> _What the task asks_: The records below are to be set down word for word, with every picture left out.

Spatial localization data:
================================

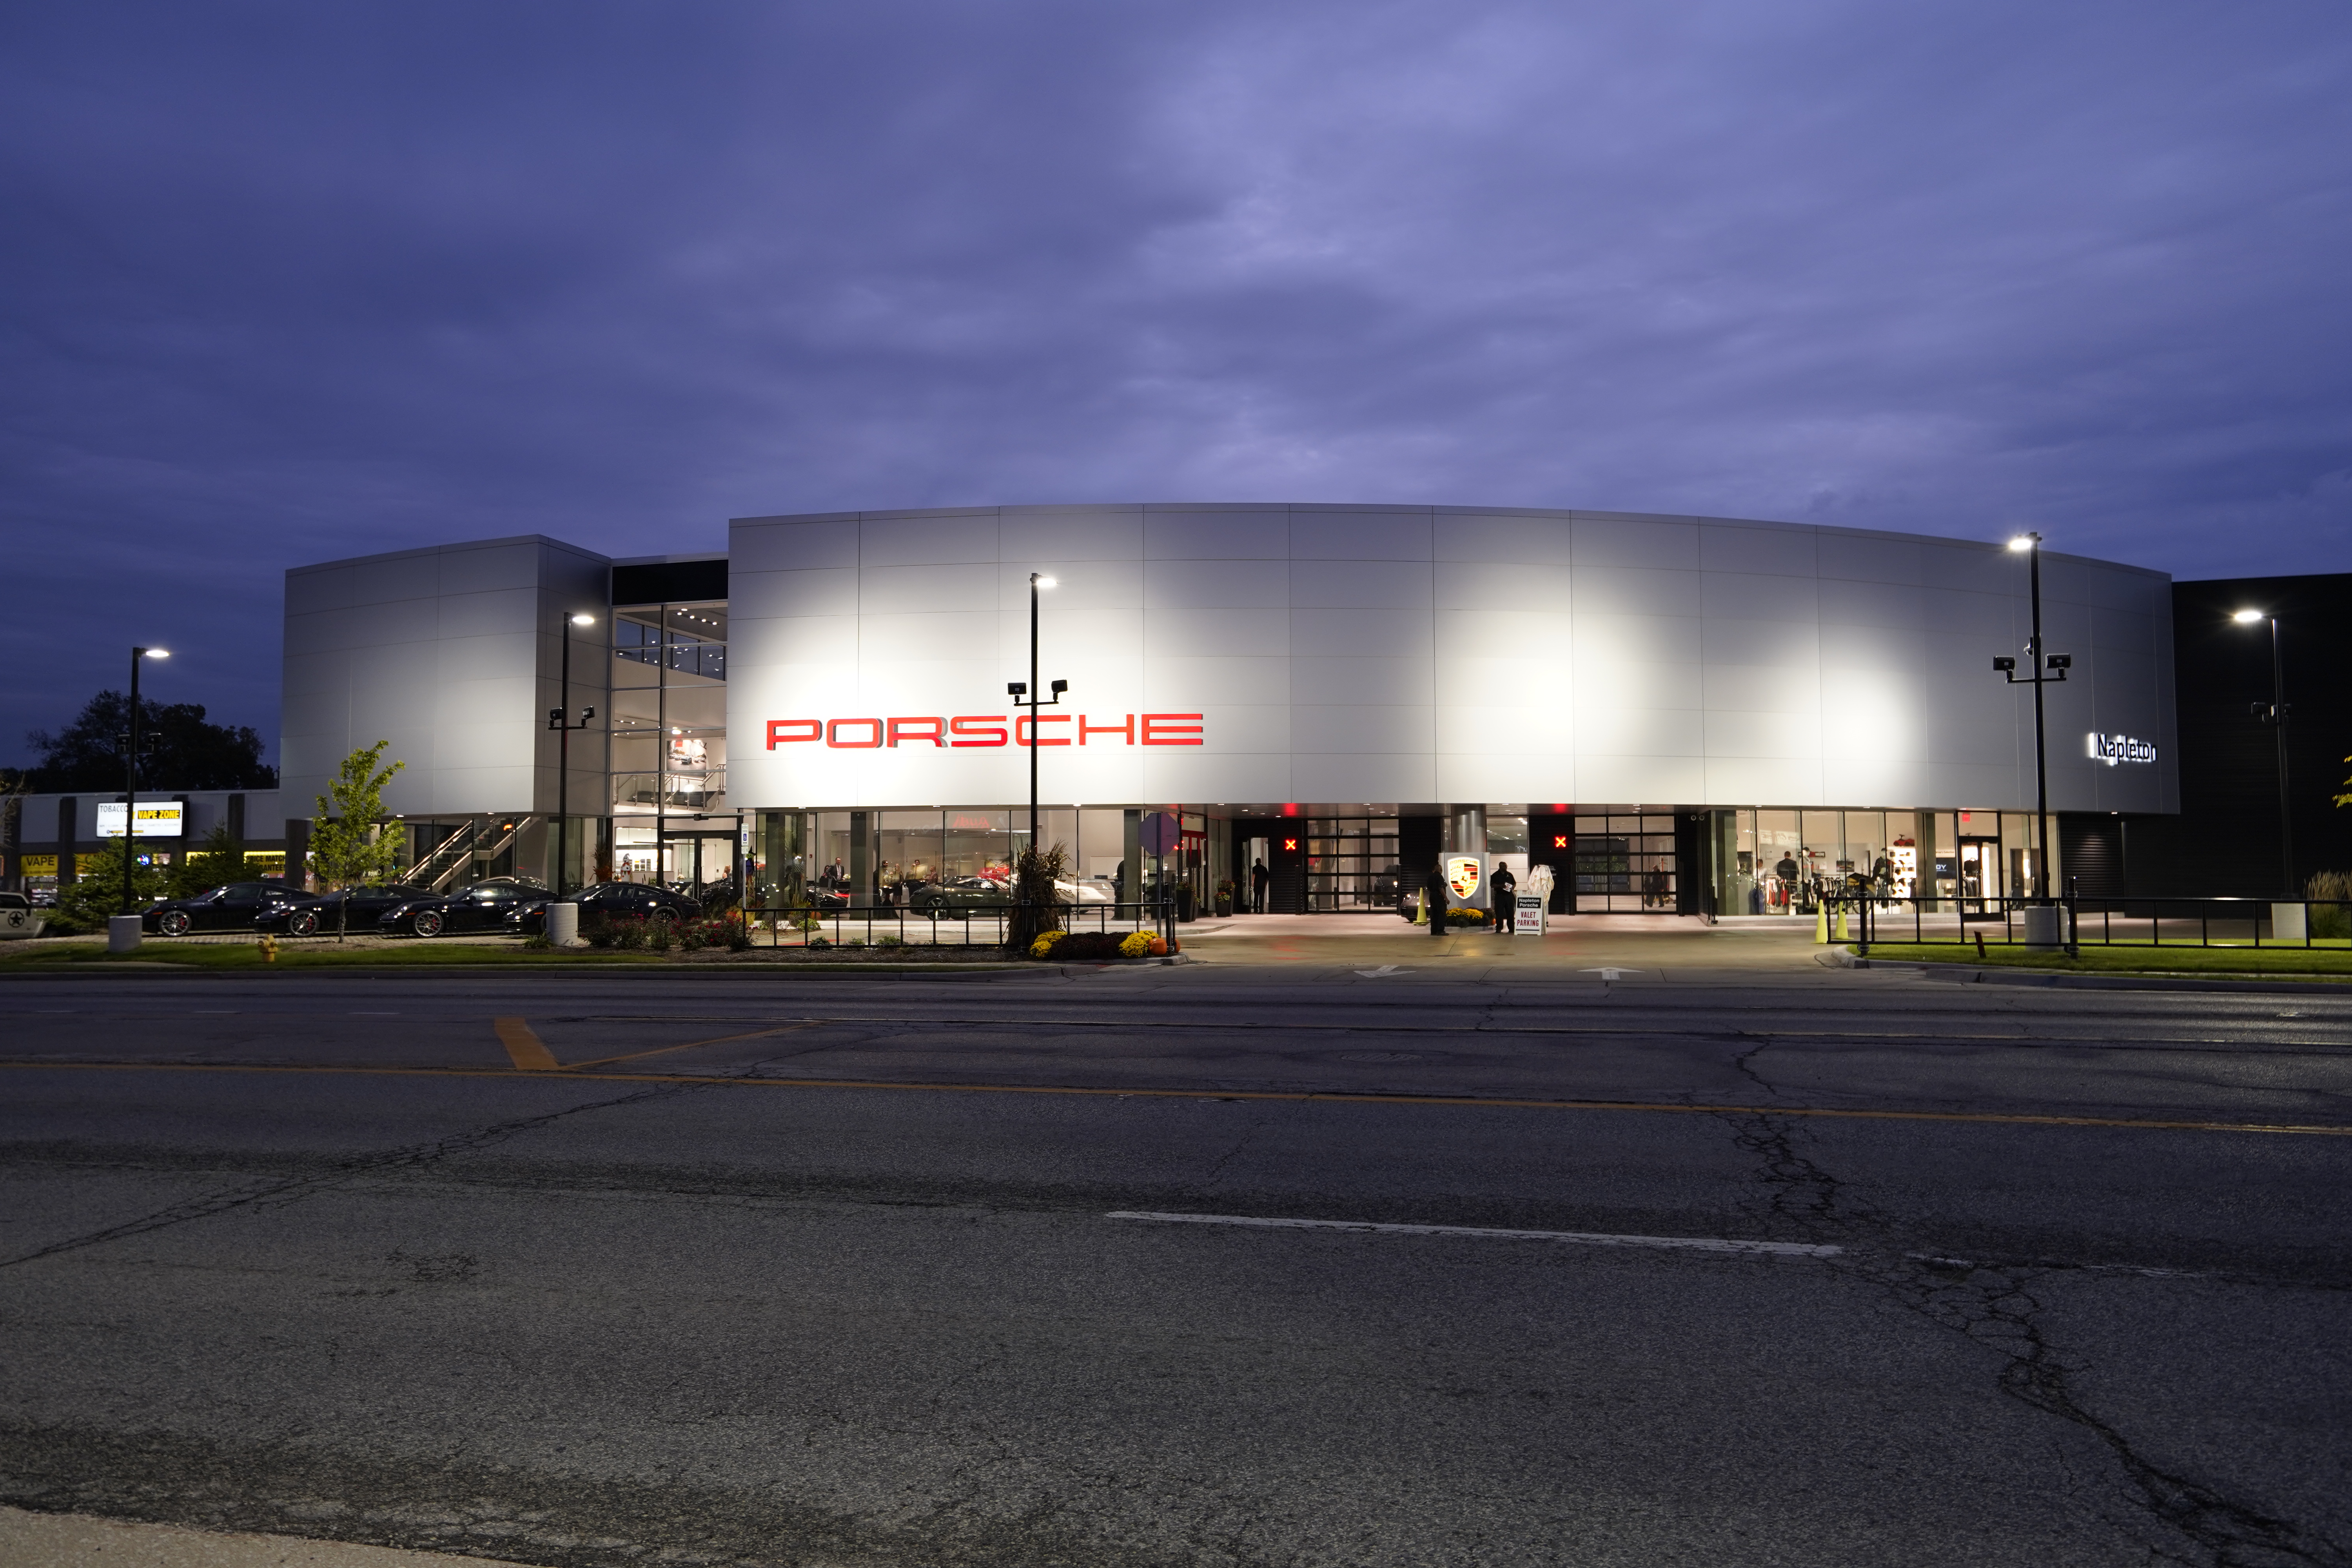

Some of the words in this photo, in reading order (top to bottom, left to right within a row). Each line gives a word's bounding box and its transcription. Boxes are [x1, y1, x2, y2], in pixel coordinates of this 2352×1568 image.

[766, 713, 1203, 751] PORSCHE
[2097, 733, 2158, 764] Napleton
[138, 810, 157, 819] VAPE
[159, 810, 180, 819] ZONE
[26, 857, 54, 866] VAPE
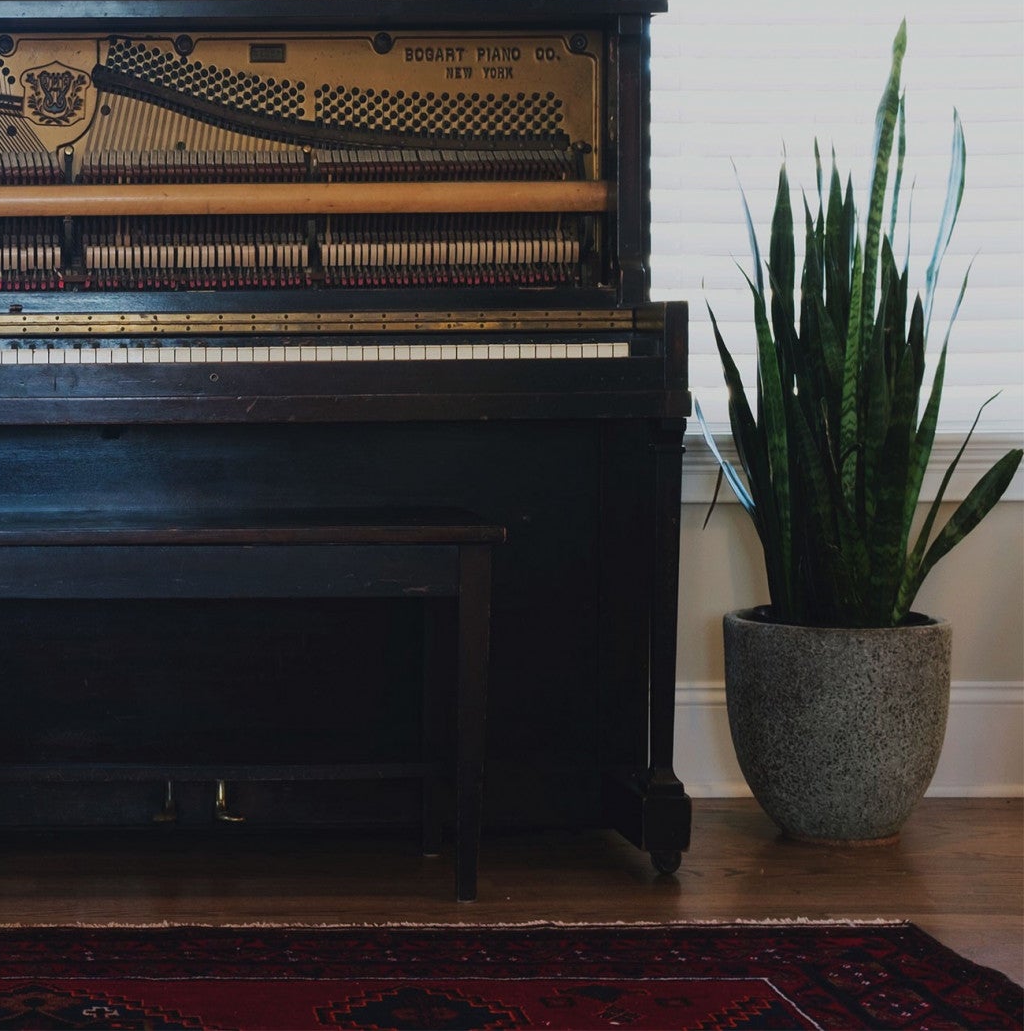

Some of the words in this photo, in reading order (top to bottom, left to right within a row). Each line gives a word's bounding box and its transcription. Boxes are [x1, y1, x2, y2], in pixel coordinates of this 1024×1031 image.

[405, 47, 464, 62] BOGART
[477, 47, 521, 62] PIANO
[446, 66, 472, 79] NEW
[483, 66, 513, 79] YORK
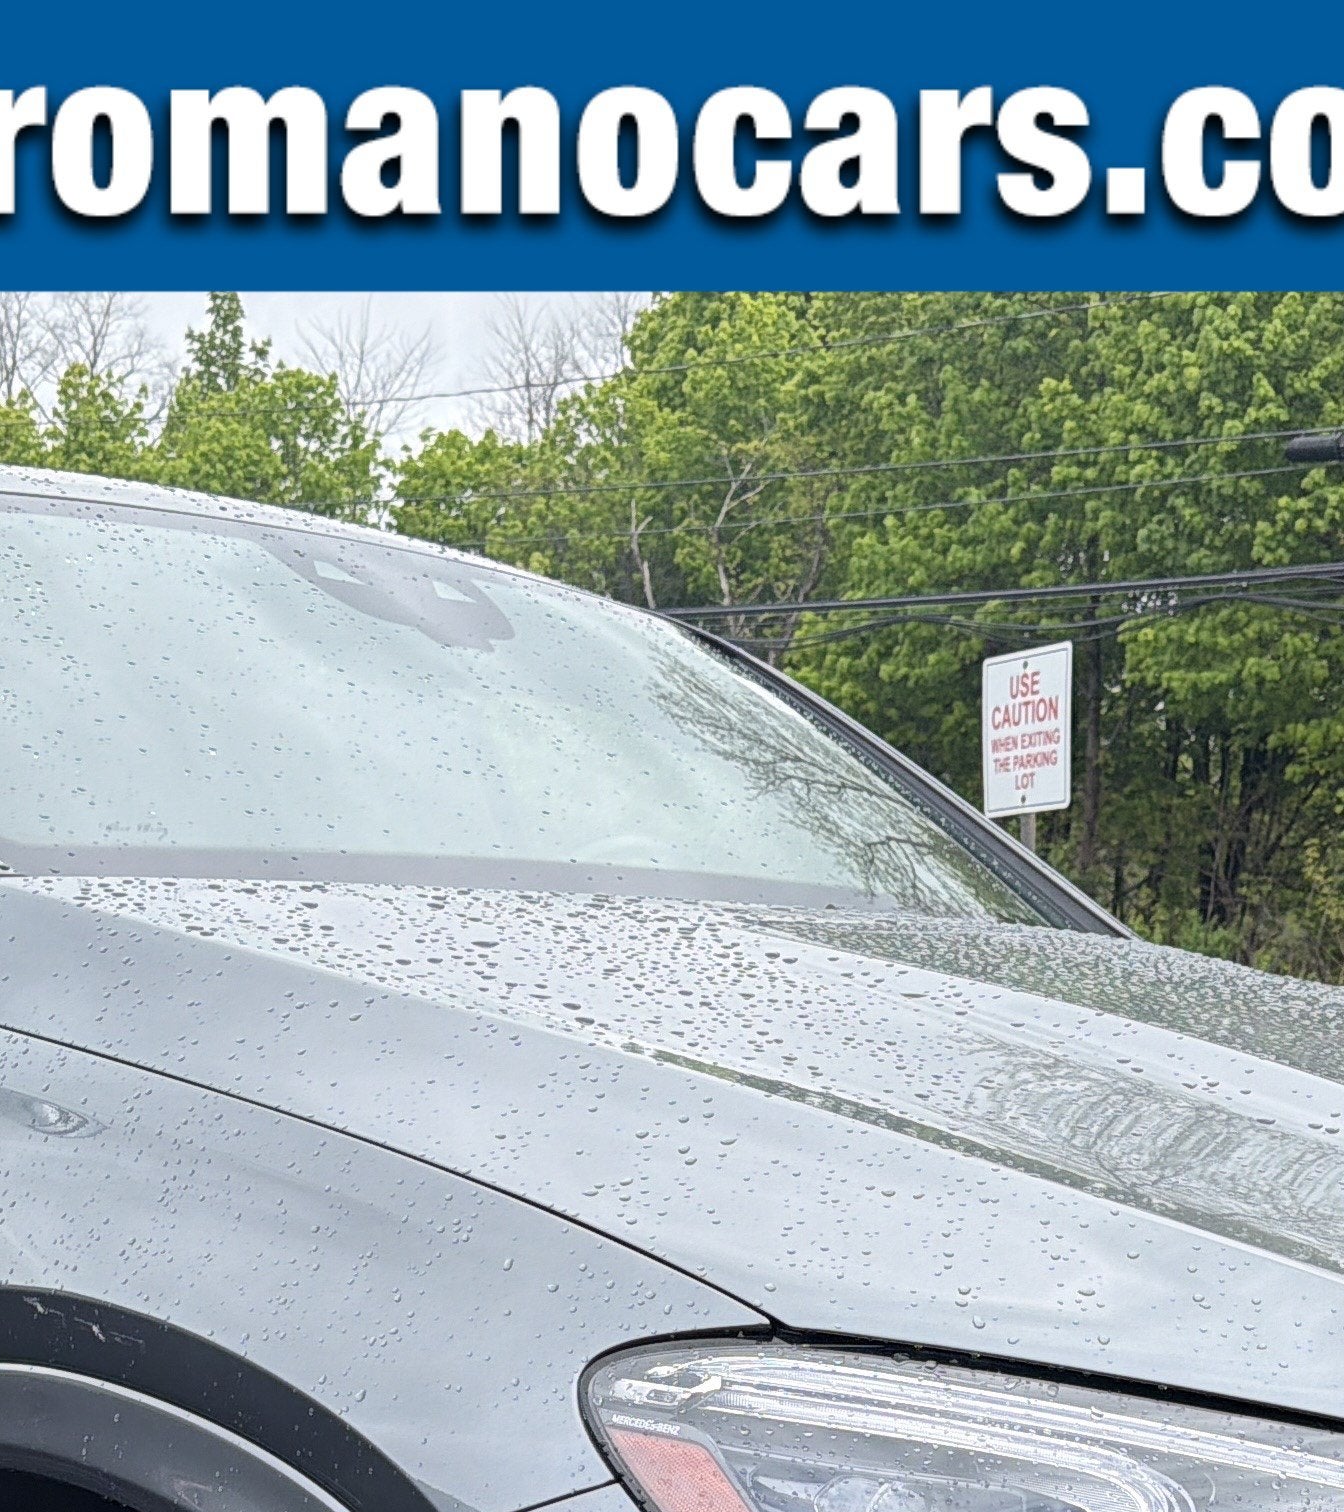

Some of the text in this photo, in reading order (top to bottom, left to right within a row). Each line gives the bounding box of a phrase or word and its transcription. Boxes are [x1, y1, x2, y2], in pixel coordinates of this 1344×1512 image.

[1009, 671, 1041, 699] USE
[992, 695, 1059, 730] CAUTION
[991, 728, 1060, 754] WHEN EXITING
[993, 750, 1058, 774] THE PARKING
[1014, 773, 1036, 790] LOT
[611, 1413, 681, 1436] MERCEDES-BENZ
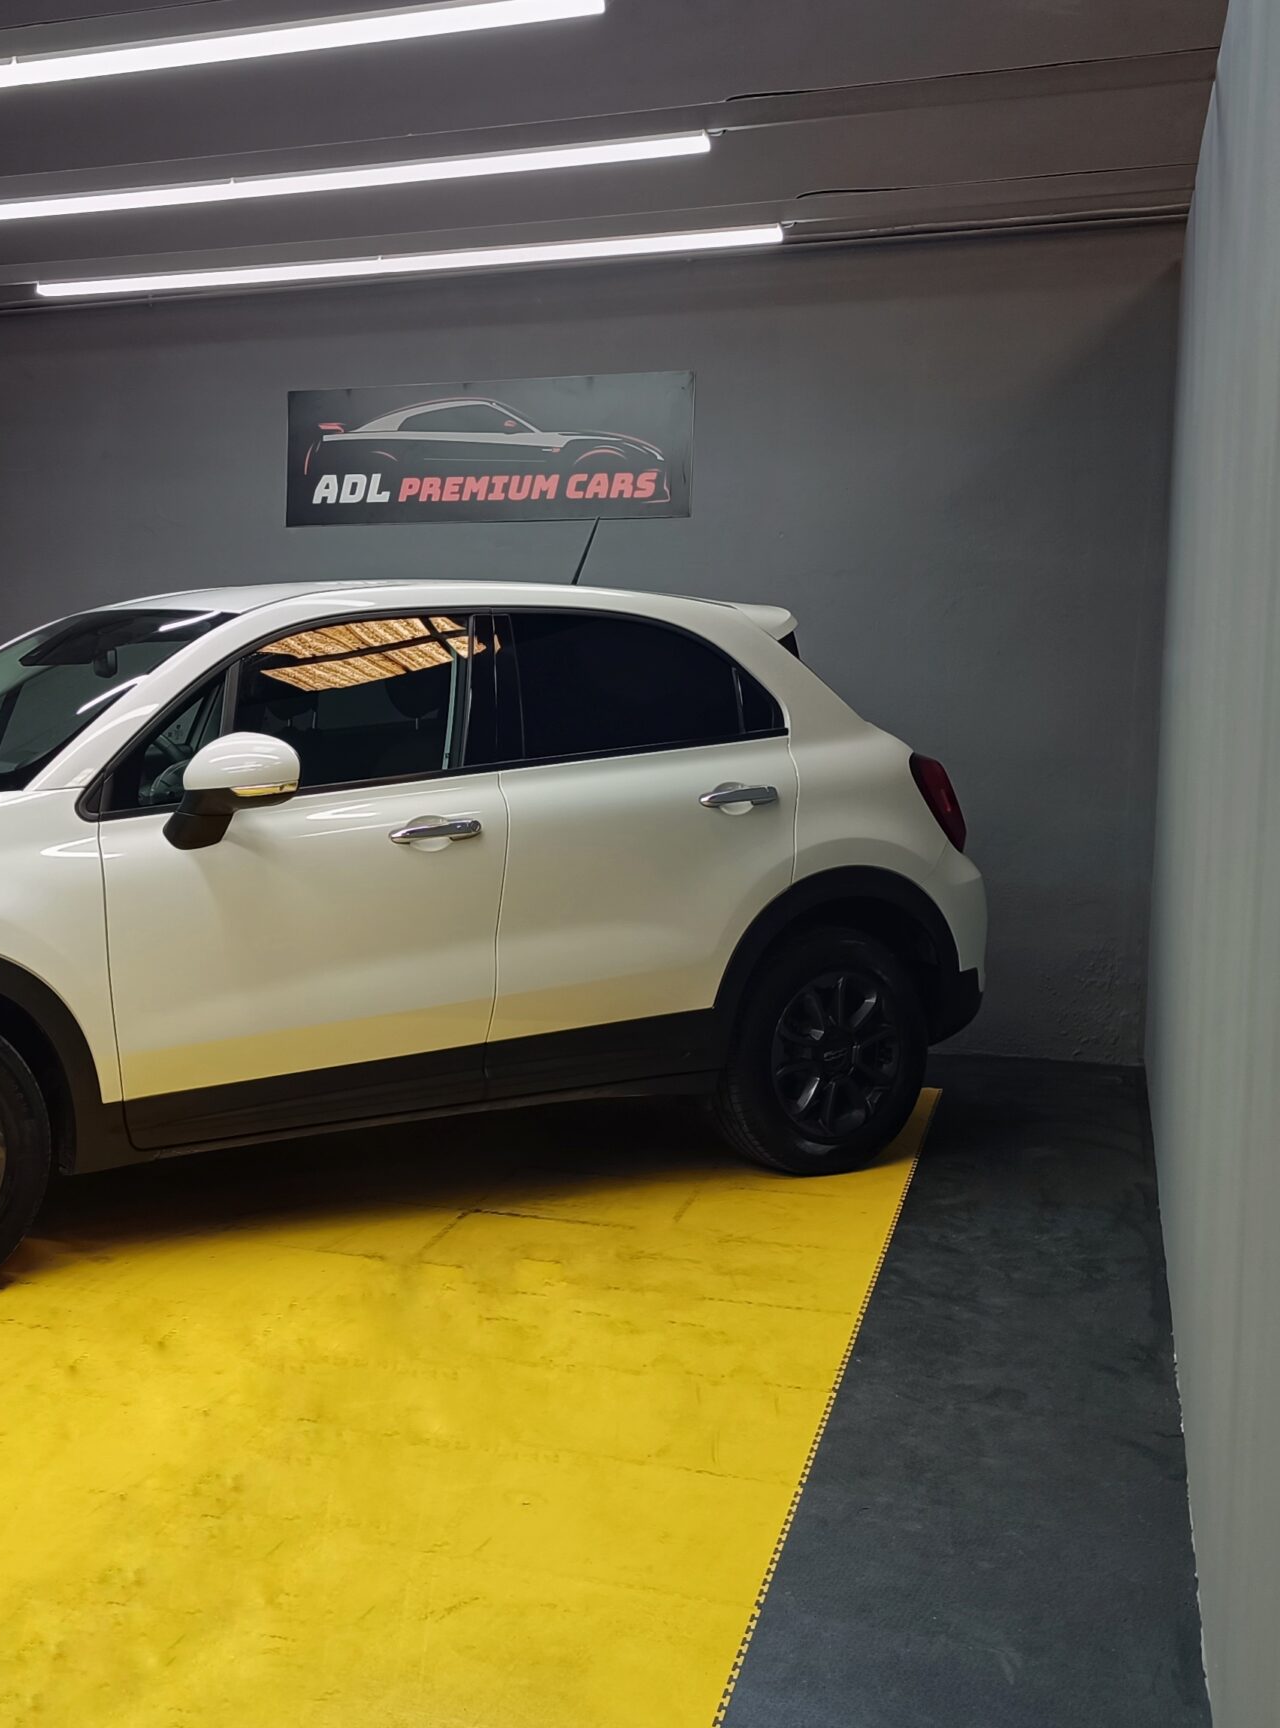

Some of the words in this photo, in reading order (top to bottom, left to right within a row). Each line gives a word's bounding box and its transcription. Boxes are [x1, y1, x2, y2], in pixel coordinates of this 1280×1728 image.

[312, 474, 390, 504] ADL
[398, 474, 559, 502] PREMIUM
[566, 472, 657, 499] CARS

================================

> _Solution to this task_:
Some of the words in this photo, in reading order (top to bottom, left to right within a row). Each line gives a word's bounding box and its transcription. Boxes are [x1, y1, x2, y2], in pixel coordinates of this 2352×1568 image.

[766, 713, 1203, 751] PORSCHE
[2097, 733, 2158, 764] Napleton
[138, 810, 157, 819] VAPE
[159, 810, 180, 819] ZONE
[26, 857, 54, 866] VAPE

Some of the words in this photo, in reading order (top to bottom, left to right within a row). Each line gives a word's bounding box and its transcription. Boxes are [x1, y1, x2, y2], in pixel coordinates of this 1024×1031 image.

[405, 47, 464, 62] BOGART
[477, 47, 521, 62] PIANO
[446, 66, 472, 79] NEW
[483, 66, 513, 79] YORK

Some of the text in this photo, in reading order (top to bottom, left to right within a row). Each line gives the bounding box of a phrase or word and its transcription. Boxes are [x1, y1, x2, y2], in pixel coordinates of this 1344×1512 image.

[1009, 671, 1041, 699] USE
[992, 695, 1059, 730] CAUTION
[991, 728, 1060, 754] WHEN EXITING
[993, 750, 1058, 774] THE PARKING
[1014, 773, 1036, 790] LOT
[611, 1413, 681, 1436] MERCEDES-BENZ

Some of the words in this photo, in reading order (top to bottom, left to right within a row). Each line gives a word's bounding box and its transcription. Boxes are [x1, y1, x2, y2], in pixel coordinates of this 1280×1728 image.

[312, 474, 390, 504] ADL
[398, 474, 559, 502] PREMIUM
[566, 472, 657, 499] CARS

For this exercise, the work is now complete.